Road trip intergénérationnel

Alix GARIN, Ne m’oublie pas, Lom­bard, 2021, 220 p., 22,50 € / ePub : 9,99 €, ISBN : 978–2‑8036–7623‑1

garin ne m'oublie pas« Je ne peux pas rester ici, Papa et Maman doivent être morts d’inquiétude, ils m’attendent ! » Tels sont les mots de la grand-mère de Clé­mence, ramenée à la mai­son de retraite après sa troisième fugue. En vérité, per­son­ne ne l’attend dans la mai­son de son enfance, ses par­ents sont morts. Mamy­cha l’a oublié, l’oublie régulière­ment. Tout comme son âge, ses statuts de mère et de grand-mère, les prénoms et vis­ages de sa fille et de sa petite-fille. Par moment, elle réalise. « J’ai la mémoire qui flanche, j’me sou­viens plus très bien », entonne-t-elle pour dédrama­tis­er.

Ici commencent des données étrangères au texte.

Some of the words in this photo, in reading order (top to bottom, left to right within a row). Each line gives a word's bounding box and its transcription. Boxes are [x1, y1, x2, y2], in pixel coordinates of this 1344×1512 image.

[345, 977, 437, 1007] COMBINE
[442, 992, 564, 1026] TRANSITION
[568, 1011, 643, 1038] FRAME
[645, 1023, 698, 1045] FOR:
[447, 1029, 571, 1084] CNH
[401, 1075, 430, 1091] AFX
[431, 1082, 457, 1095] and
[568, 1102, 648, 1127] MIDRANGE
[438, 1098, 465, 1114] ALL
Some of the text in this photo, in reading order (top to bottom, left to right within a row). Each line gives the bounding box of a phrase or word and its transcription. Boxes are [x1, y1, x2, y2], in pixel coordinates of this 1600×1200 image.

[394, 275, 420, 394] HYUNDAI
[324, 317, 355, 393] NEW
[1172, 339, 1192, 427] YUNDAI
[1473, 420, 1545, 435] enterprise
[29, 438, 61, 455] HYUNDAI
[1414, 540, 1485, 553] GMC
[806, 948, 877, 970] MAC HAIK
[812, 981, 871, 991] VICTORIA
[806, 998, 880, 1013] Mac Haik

Clé­mence, elle, se sou­vient de tous les moments pré­cieux partagés avec son aïeule. Pas ques­tion de se résign­er à la regarder dépérir sous sédatif. Puisqu’elle veut s’évader, Clé­mence l’accompagnera. Et finale­ment, c’est peut-être cette dernière qui retrou­vera la mémoire.

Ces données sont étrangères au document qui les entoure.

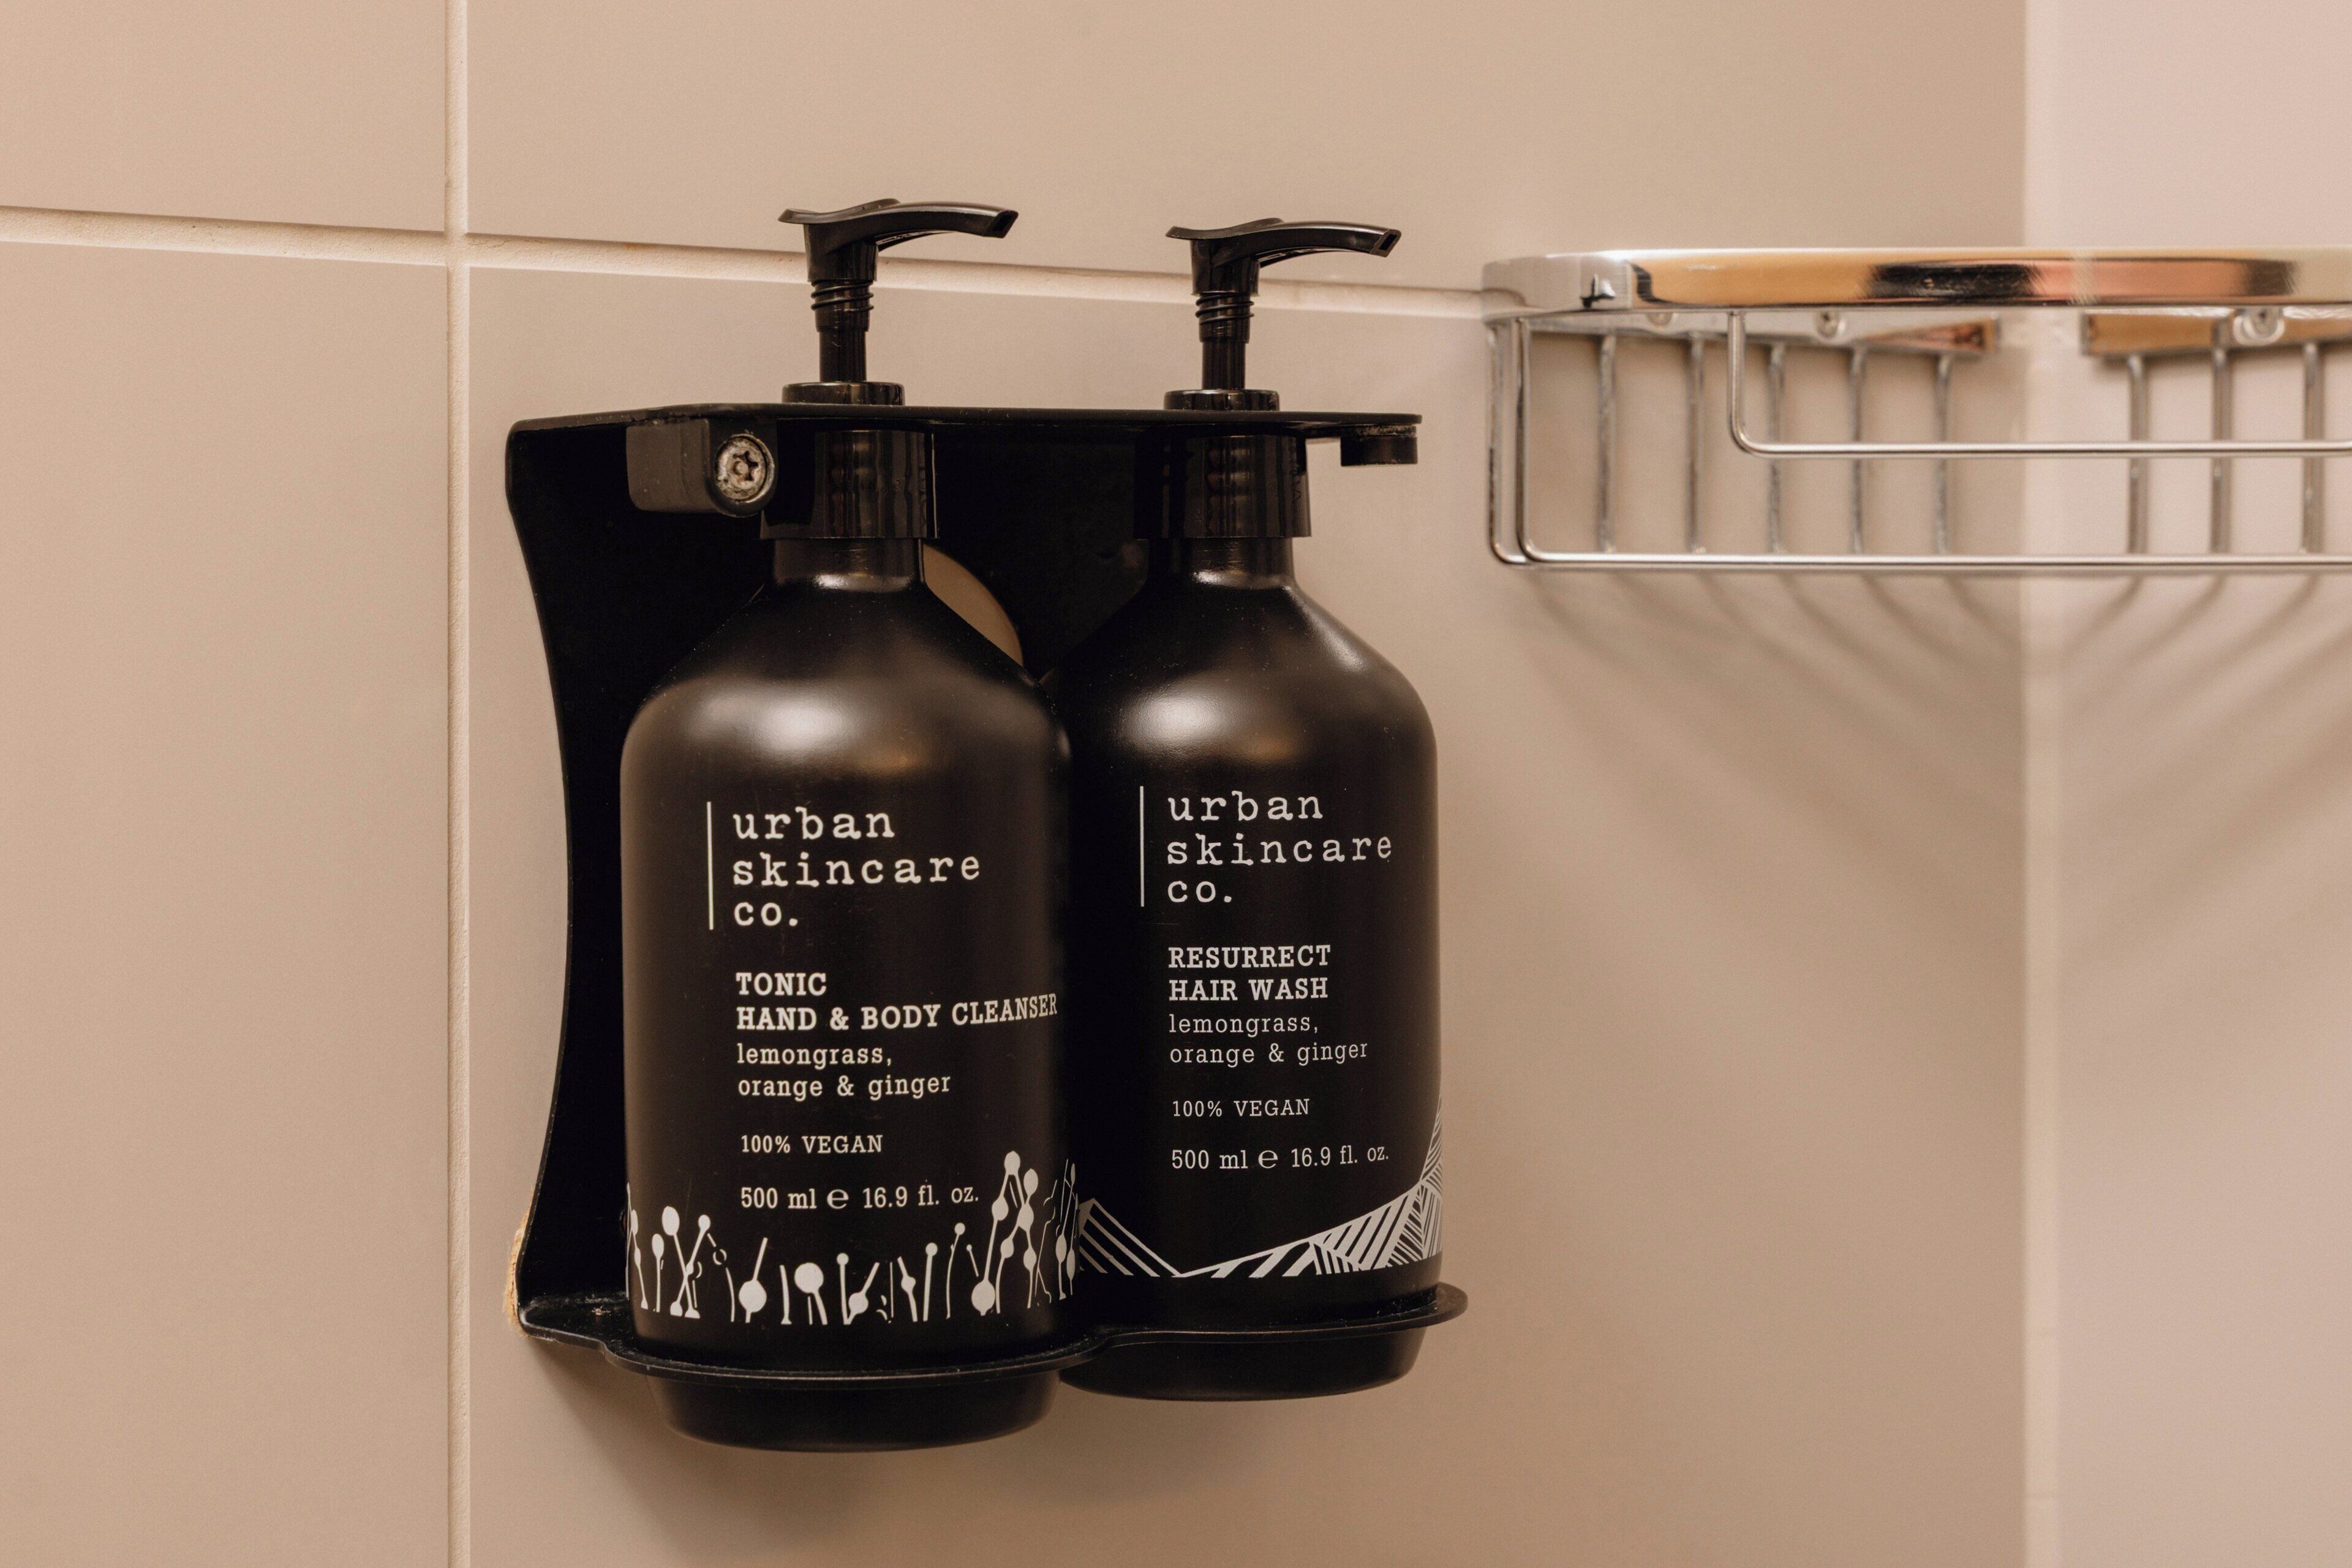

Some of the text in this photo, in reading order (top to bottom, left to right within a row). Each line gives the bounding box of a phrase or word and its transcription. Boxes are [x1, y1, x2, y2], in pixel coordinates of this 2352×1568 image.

[1167, 790, 1323, 821] urban
[732, 806, 895, 840] urban
[1166, 832, 1392, 865] skincare
[732, 851, 979, 888] skincare
[1167, 880, 1232, 903] co.
[733, 902, 798, 927] co.
[1167, 944, 1331, 968] RESURRECT
[735, 972, 827, 997] TONIC
[1168, 977, 1328, 1001] HAIR WASH
[736, 993, 1057, 1031] HAND & BODY CLEANSER
[1168, 1014, 1317, 1038] lemongrass,
[736, 1042, 891, 1070] lemongrass,
[1169, 1042, 1368, 1068] orange & ginger
[737, 1074, 951, 1102] orange & ginger
[1172, 1098, 1310, 1117] 100% VEGAN
[741, 1134, 883, 1154] 100% VEGAN
[1171, 1149, 1209, 1169] 500
[1218, 1150, 1248, 1169] ml
[1291, 1146, 1331, 1167] 16.9
[1339, 1145, 1358, 1164] fl.
[1366, 1146, 1389, 1162] oz.
[741, 1186, 778, 1209] 500
[787, 1188, 817, 1209] ml
[862, 1186, 908, 1208] 16.9
[917, 1185, 940, 1206] fl.
[950, 1186, 979, 1204] oz.

Ne m’oublie pas nous emmène dans un road trip intergénéra­tionnel. Une vieille dame prend la route sur les traces de son passé ; la trame n’est pas sans évo­quer d’autre œuvres telles que Reines de pique, la pièce de théâtre de Jean-Marie Piemme ou le dernier roman de Nadine Mon­fils, Le souf­fleur de nuages. Et s’agissant d’une grand-mère accom­pa­g­née de l’un de ses petits-enfants, dif­fi­cile de ne pas penser aux Sou­venirs de David Foenk­i­nos, portés à l’écran par Jean-Paul Rou­ve. Pas éton­nant que ce thème inspire : le temps qui passe inex­orable­ment, la vieil­lesse, les sou­venirs, la trans­mis­sion, les liens famil­i­aux, les rap­ports entre généra­tions, sou­vent moins ten­dus quand elles ne se suiv­ent pas ; autant d’aspects qui le ren­dent uni­versel.

Dessins clas­siques et sim­ples, palette de couleurs pas­tel, il se dégage du trait d’Alix Garin une douceur offrant un équili­bre entre pudeur et réal­isme. Le sujet est traité sans grav­ité exces­sive, avec humour et émo­tion, dans le texte et dans l’image. Car s’il est ques­tion de sou­venirs que l’on cherche, cette quête en crée surtout de nou­veaux, rap­pelant que le temps suit son cours, même lorsque l’on essaie de le remon­ter.

Enfin, impos­si­ble de con­clure sans men­tion­ner le soin con­sacré au graphisme du livre. Forme et agence­ment des cas­es, choix d’une couleur dom­i­nante par ambiance ; l’esthétique de chaque page a été tra­vail­lée avec minu­tie. Jusqu’aux pages de garde couleur myoso­tis, fleur du sou­venir.